ASSIGNMENT
Would you reproduce each of the records below precisely, with the pictures left out?

DATA TO EXAMINE
****************

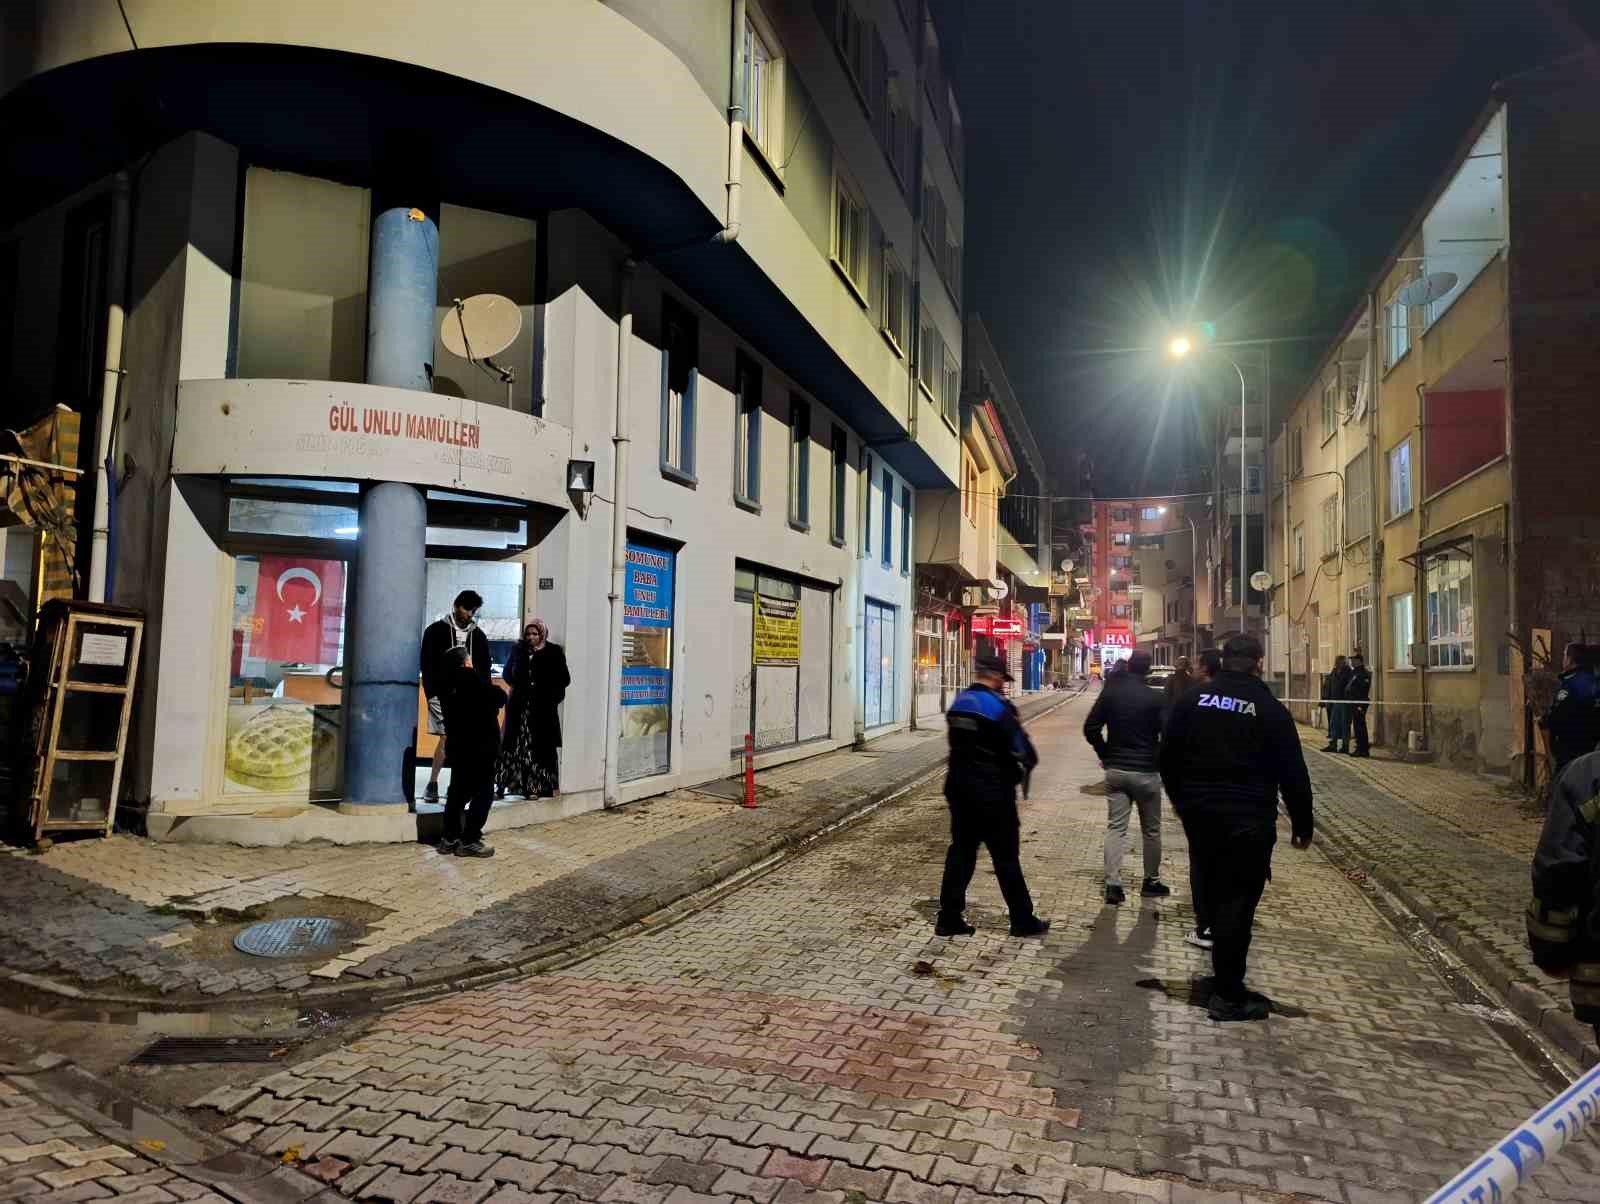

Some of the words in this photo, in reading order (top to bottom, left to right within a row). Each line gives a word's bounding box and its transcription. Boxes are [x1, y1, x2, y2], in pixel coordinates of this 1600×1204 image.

[329, 400, 357, 432] GÜL
[363, 408, 401, 436] UNLU
[406, 413, 480, 448] MAMÜLLERİ
[1198, 694, 1256, 716] ZABITA
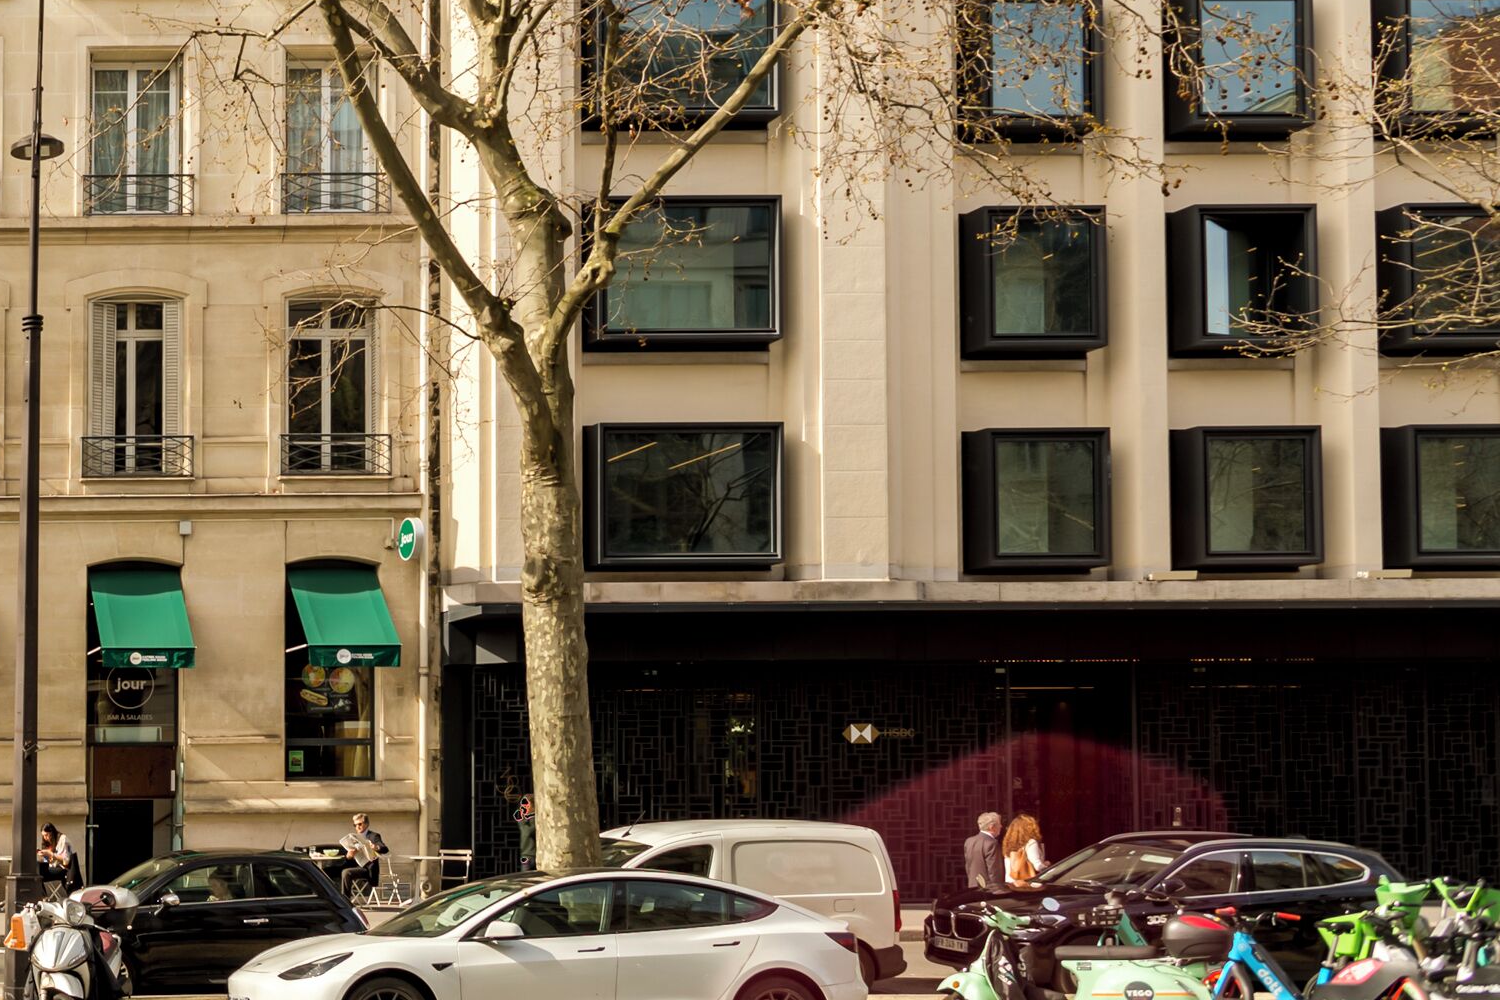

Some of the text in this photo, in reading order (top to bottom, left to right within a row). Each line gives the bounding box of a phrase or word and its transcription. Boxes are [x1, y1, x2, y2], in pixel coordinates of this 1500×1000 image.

[400, 532, 414, 548] jour
[114, 677, 147, 693] jour
[120, 713, 126, 721] À
[883, 727, 916, 738] HSBC
[1126, 989, 1153, 997] YEGO

****************

WORKED SOLUTION
Some of the words in this photo, in reading order (top to bottom, left to right within a row). Each line gives a word's bounding box and its transcription. Boxes are [x1, y1, x2, y2], in pixel coordinates of this 1600×1204 image.

[329, 400, 357, 432] GÜL
[363, 408, 401, 436] UNLU
[406, 413, 480, 448] MAMÜLLERİ
[1198, 694, 1256, 716] ZABITA

Some of the text in this photo, in reading order (top to bottom, left to right within a row). Each line gives the bounding box of a phrase or word and its transcription. Boxes are [x1, y1, x2, y2], in pixel coordinates of this 1500×1000 image.

[400, 532, 414, 548] jour
[114, 677, 147, 693] jour
[120, 713, 126, 721] À
[883, 727, 916, 738] HSBC
[1126, 989, 1153, 997] YEGO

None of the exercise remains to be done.